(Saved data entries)

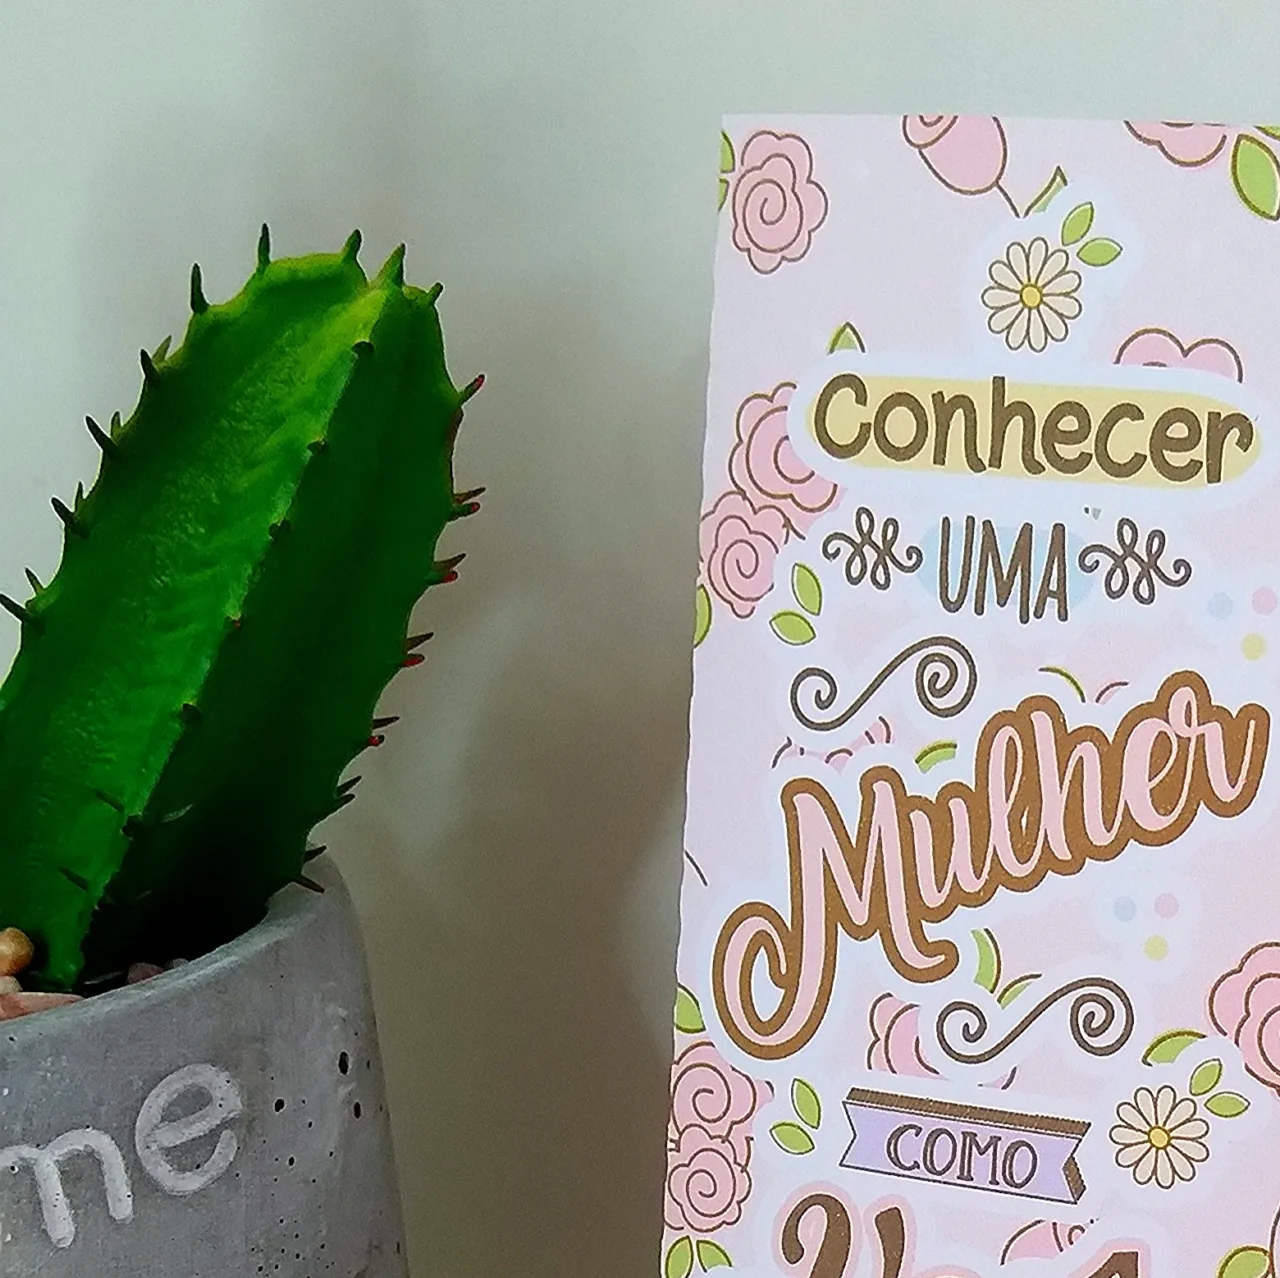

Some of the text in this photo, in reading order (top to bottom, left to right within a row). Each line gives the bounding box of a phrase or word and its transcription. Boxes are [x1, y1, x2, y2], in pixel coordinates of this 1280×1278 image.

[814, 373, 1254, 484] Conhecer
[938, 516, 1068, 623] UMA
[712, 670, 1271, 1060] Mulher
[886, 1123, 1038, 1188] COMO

◆ **WORK TO COMPLETE**:
Drop the pictures and reproduce the rest of the data above exactly.

◆ **EXERCISE ANSWER**:
Some of the text in this photo, in reading order (top to bottom, left to right within a row). Each line gives the bounding box of a phrase or word and its transcription. Boxes are [x1, y1, x2, y2], in pixel coordinates of this 1280×1278 image.

[814, 373, 1254, 484] Conhecer
[938, 516, 1068, 623] UMA
[712, 670, 1271, 1060] Mulher
[886, 1123, 1038, 1188] COMO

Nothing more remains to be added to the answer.